The Philippine HTA Council and HTA Division conducted a final review. They emphasized that pragmatic clinical trials—even though experimental—should still be considered as sources of RWE due to their real-life setting. They also recommended recognizing pandemics as emergency situations in which RWE plays a crucial role in fast decision-making pending RCT results. According to the authors, these revisions ensured the guidance remained practical during public health crises while still emphasizing the primacy of RCTs when available.  

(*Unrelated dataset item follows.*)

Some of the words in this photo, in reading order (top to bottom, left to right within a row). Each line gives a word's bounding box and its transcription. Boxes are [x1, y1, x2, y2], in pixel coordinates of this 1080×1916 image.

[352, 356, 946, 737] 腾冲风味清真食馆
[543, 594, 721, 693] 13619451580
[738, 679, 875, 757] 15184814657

Tan-Lim et al. explained that this newly developed guidance document is aligned with international frameworks but tailored for local needs. For example, frameworks from the United States and France focus on regulatory decisions such as post-marketing surveillance, while the UK brief spans the entire life cycle of health technologies and includes evaluation of service delivery. Meanwhile, guidance from Canada (CADTH and INESS) emphasizes reimbursement decisions in public health programs and pre and postdrug marketing evaluations. In contrast, the REALISE guideline, which applies to health systems in Asia, provides practical recommendations for low- and middle-income countries with limited resources. The Philippine guidance document sought to integrate these approaches with local priorities—particularly the evaluation of technologies under resource constraints and fragmented health systems.  It focuses on the application of RWE in HTA assessment to guide regulatory agencies in their decisions regarding the procurement and reimbursement of health technologies. According to the authors, achieving this balance ensures both methodological rigor and feasibility within the Philippine context.  

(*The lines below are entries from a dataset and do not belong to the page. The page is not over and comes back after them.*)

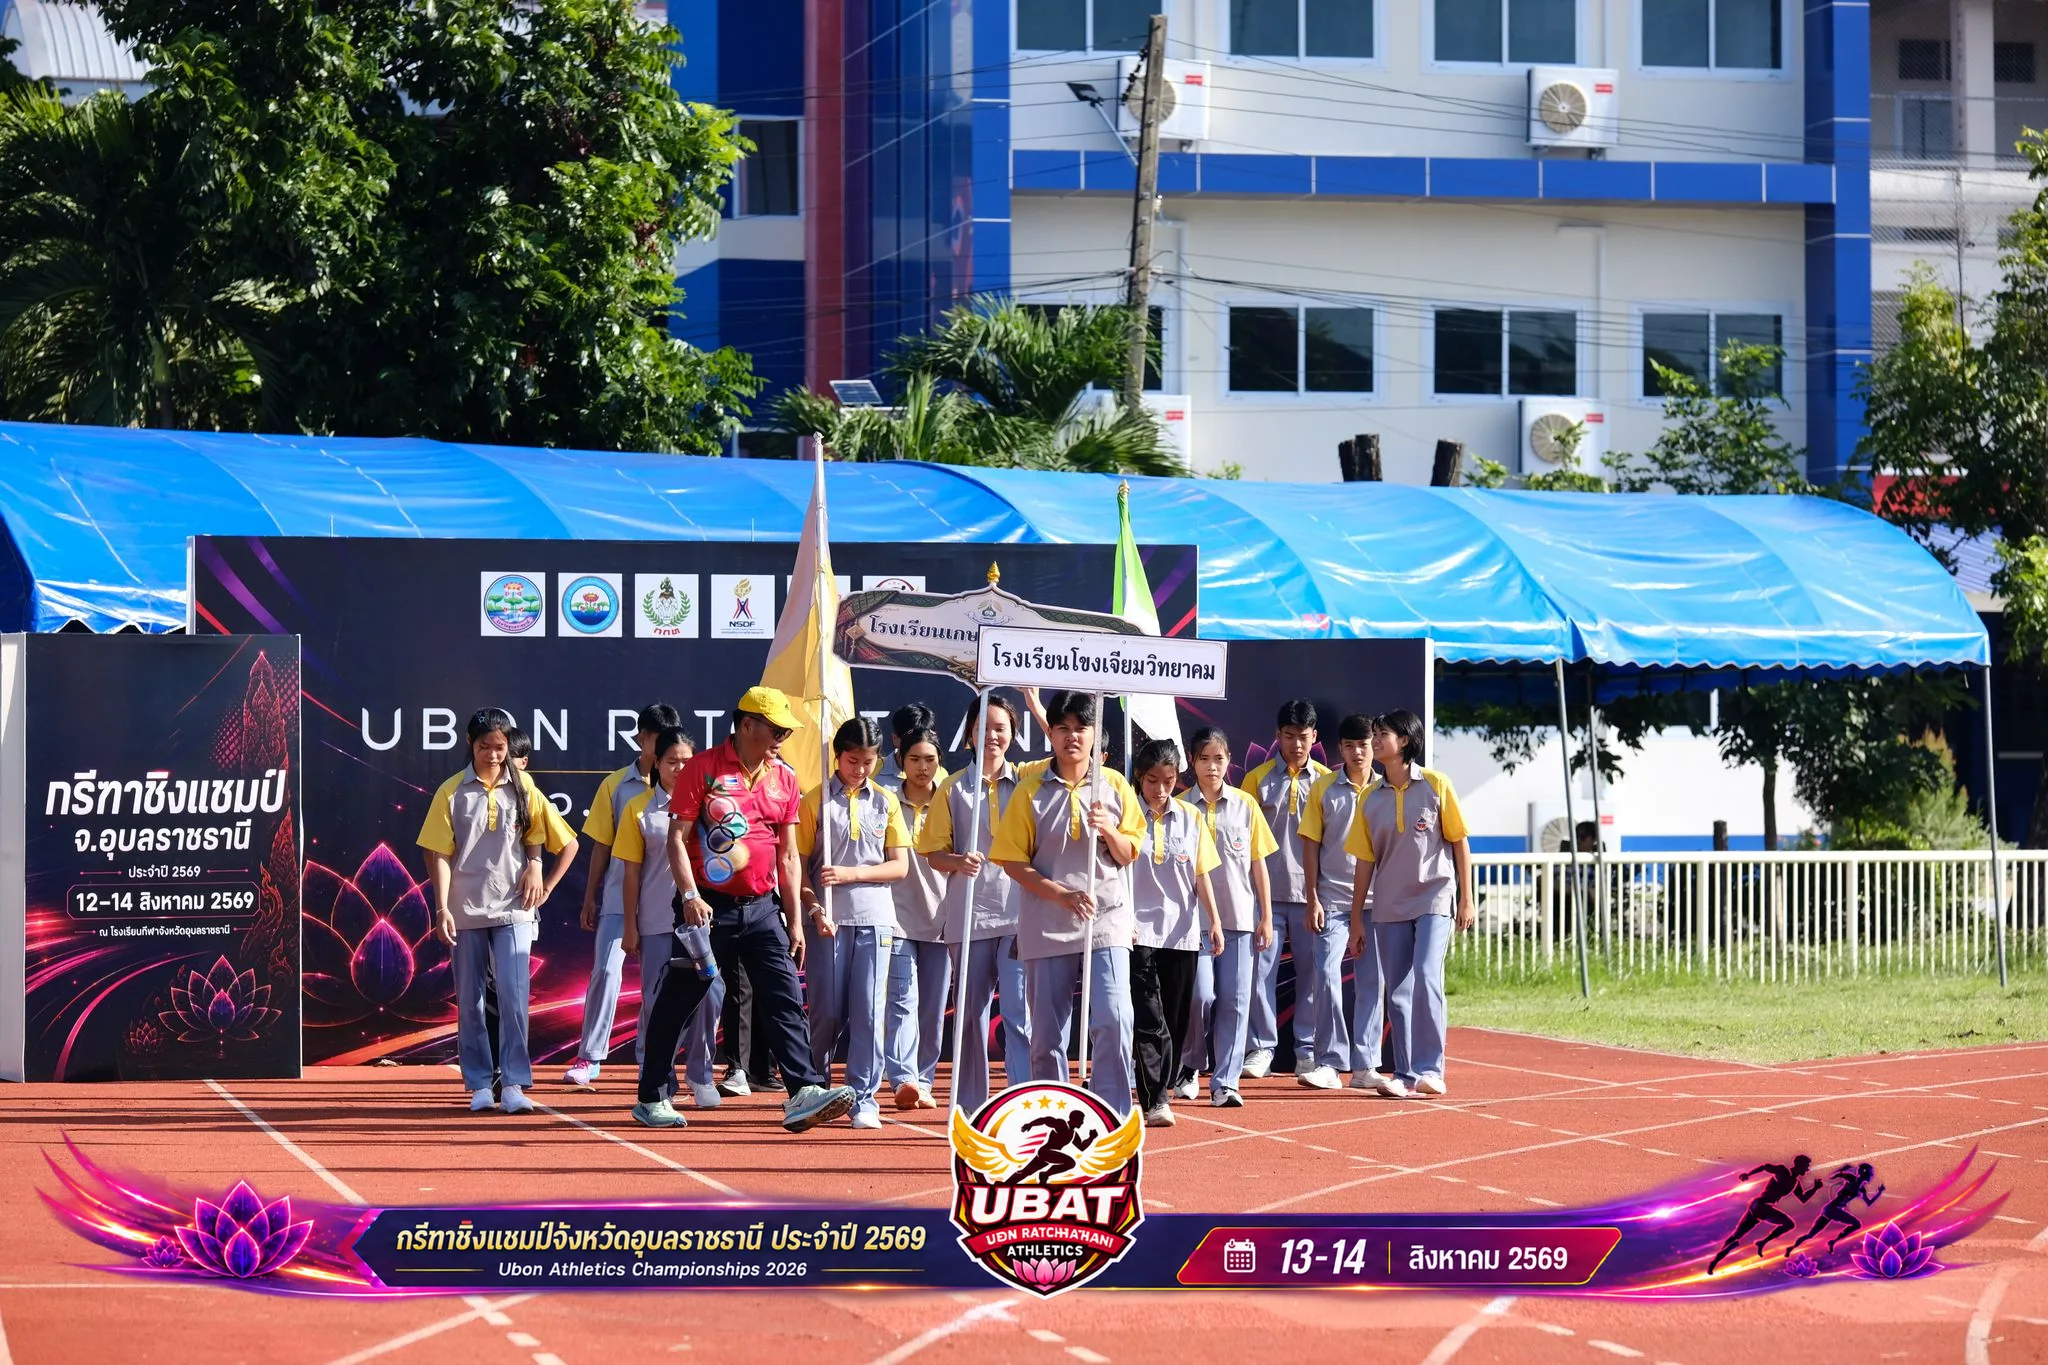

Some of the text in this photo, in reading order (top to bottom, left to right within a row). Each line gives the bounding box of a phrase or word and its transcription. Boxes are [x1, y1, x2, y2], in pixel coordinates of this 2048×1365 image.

[992, 643, 1215, 680] โรงเรียนโขงเจียมวิทยาคม
[45, 769, 286, 815] กรีฑาชิงแชมป์
[74, 818, 252, 861] จ.อุบลราชธานี
[128, 864, 201, 878] ประจำปี 2569
[139, 891, 205, 911] สิงหาคม
[210, 891, 255, 910] 2569

Although their research did not focus on cardiovascular disease, the guidance has meaningful implications for cardiovascular health technologies. Real-world evidence is especially valuable in cardiology, where long-term outcomes such as major adverse cardiovascular events (MACE), hospitalization rates, and survival are critical but often extend beyond the duration of RCTs. According to the authors, RWE is particularly useful when trials cannot capture long-term or rare outcomes, which is often the case for chronic cardiovascular therapies that require years of follow-up.  

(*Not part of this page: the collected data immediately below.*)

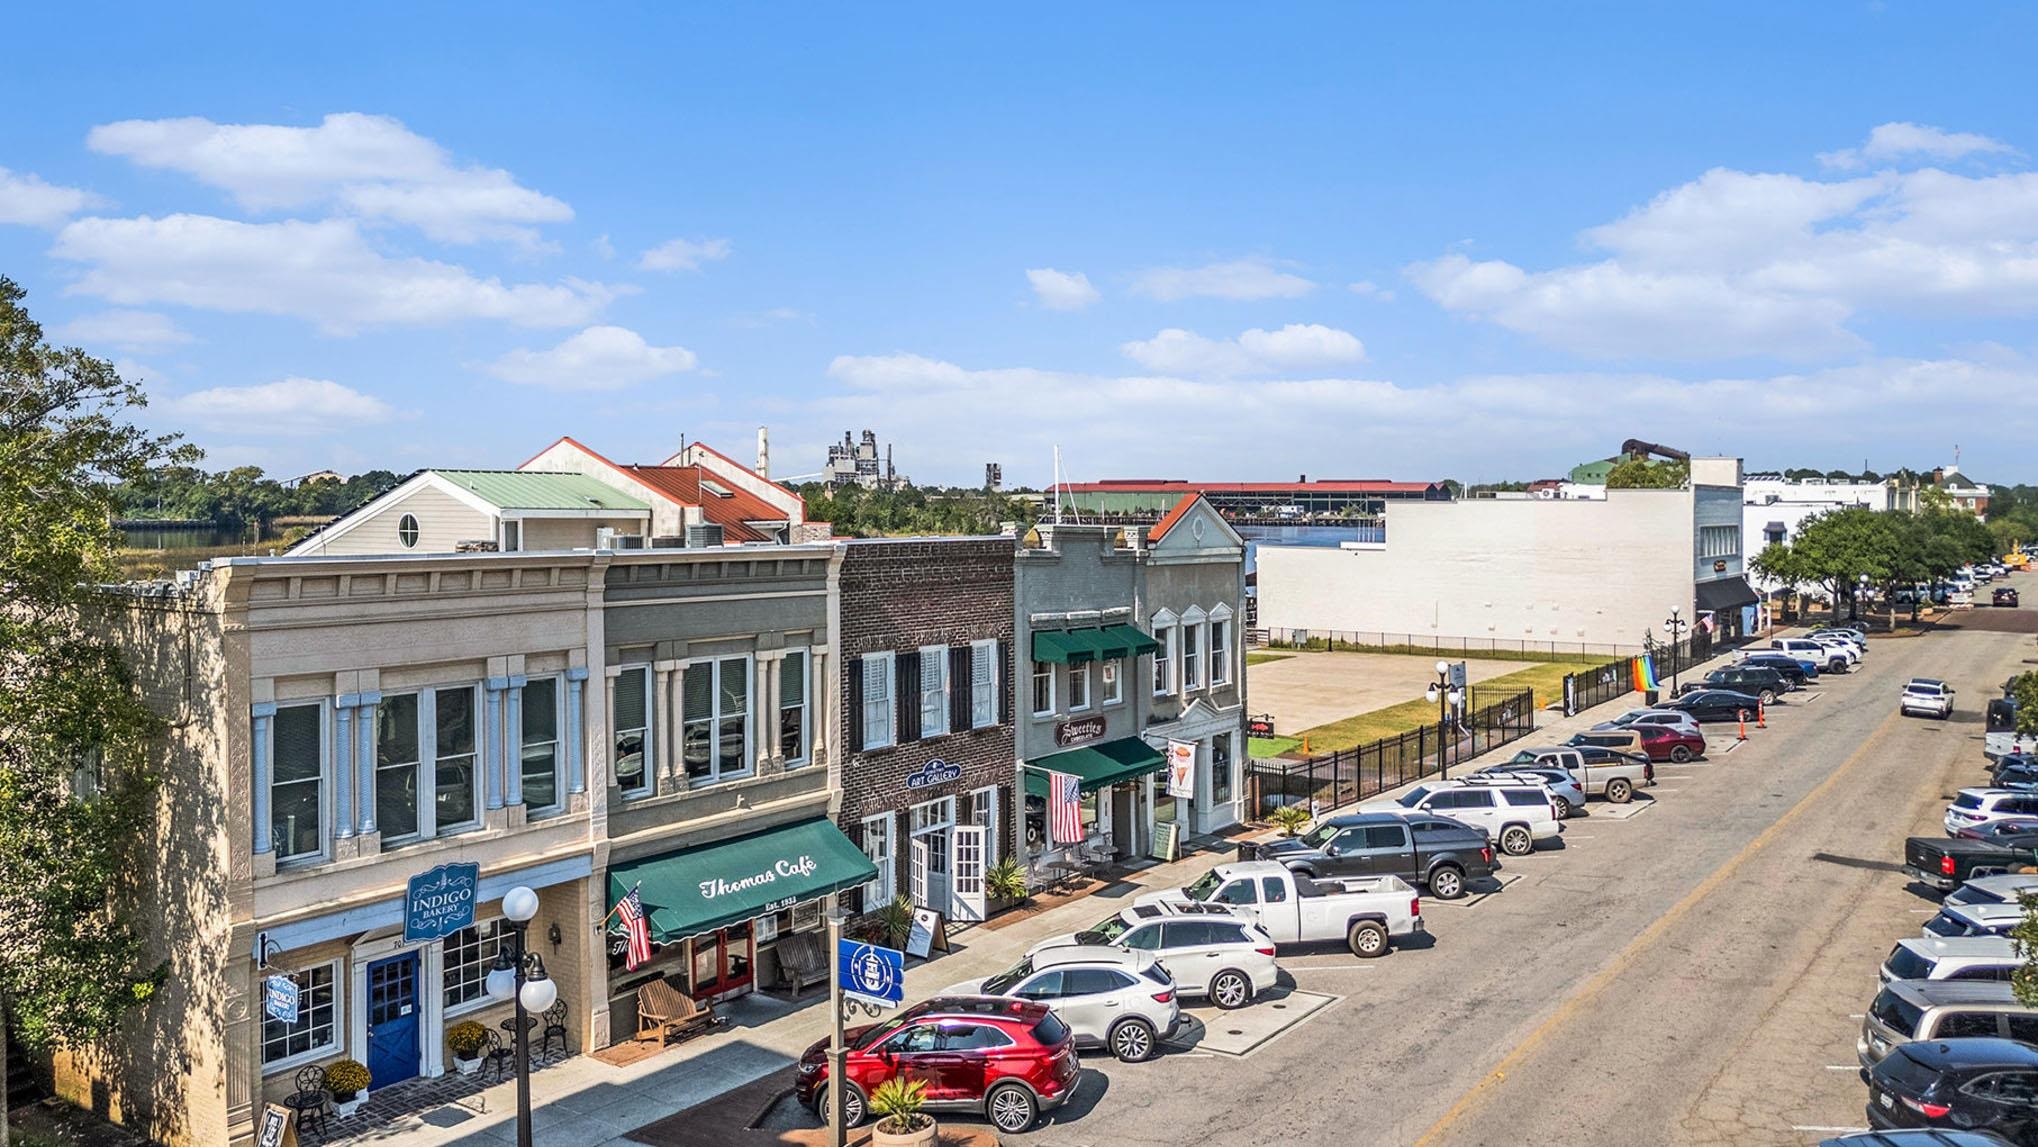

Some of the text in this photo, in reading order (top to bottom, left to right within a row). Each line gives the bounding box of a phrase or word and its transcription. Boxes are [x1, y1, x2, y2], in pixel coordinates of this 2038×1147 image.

[911, 776, 925, 786] ART
[927, 769, 958, 784] GALLERY
[699, 855, 817, 899] Thomas Café
[413, 888, 471, 912] INDIGO
[423, 904, 458, 919] BAKERY

In summary, Tan-Lim et al. provided a detailed account of the creation of the Philippine guidance document on RWE in HTA. They  aimed to help ensure that RWE is used appropriately, transparently, and rigorously—always with the understanding that RCTs remain the gold standard. Still, RWE plays a crucial role when trials are insufficient or infeasible.  

Their document is intended for researchers conducting HTA in the Philippines, but it also serves as a foundation for future expansions tailored to specific health technologies. It reflects an evolving global landscape of evidence generation and highlights the importance of adapting methodologies to national health system needs. The authors acknowledge limitations, including the small number of expert informants, but they emphasize that the guidance will continue to be updated as the field develops. Ultimately, the article underscores the critical role of high-quality RWE in supporting equitable, efficient, and evidence-based health decision-making in the Philippines.